Lead Site Reliability Engineer
We are looking for a highly experienced Lead Site Reliability Engineer to drive SRE outcomes for business-critical applications in the Risk Technology space. This role requires a strong application, infrastructure, and engineering mindset, with the ability to work closely with application support, development, observability, and technology teams to improve reliability, resiliency, operational readiness, and automation maturity.
The ideal candidate will be responsible for defining and enabling SRE goals, establishing reliability requirements, evaluating SLAs, SLOs, SLIs, and error budgets, identifying critical user journeys, and ensuring that business-critical applications are supported with the right monitoring, alerting, automation, and operational practices.
This is not a traditional DevOps role.
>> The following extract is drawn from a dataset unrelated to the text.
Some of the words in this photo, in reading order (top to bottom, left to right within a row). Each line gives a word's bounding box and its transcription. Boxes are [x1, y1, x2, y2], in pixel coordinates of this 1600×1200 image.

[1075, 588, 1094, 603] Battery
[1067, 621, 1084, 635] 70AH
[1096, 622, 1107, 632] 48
We are looking for someone who can go deep into application architecture, workflows, design, code behavior, infrastructure dependencies, and production support challenges, while helping teams mature their reliability engineering practices.
Key Responsibilities
- Lead SRE enablement for business-critical applications across Risk Technology.
- Partner closely with application support, development, infrastructure, and observability teams to improve reliability and resiliency.
- Define SRE priorities, goals, standards, and measurable outcomes for application teams.
- Establish and evaluate SLAs, SLOs, SLIs, error budgets, and service health indicators.
- Identify and document critical user journeys, application dependencies, failure points, and recovery expectations.
- Drive observability improvements by ensuring the right monitors, alerts, dashboards, logs, traces, and metrics are in place.
- Review application architecture, workflows, design patterns, and production support processes to identify reliability gaps.
- Support code-level analysis, code review discussions, and engineering recommendations from an SRE perspective.
- Improve incident management, post-incident reviews, root cause analysis, runbooks, and operational readiness.
- Build automation using Python, Ansible, and Terraform to reduce manual effort and improve operational efficiency.
- Leverage Amazon/AWS products, including AI-based solutions, to improve SRE efficiency, automation, monitoring, and operational outcomes.
- Help application teams adopt industry-standard SRE practices inspired by mature engineering organizations.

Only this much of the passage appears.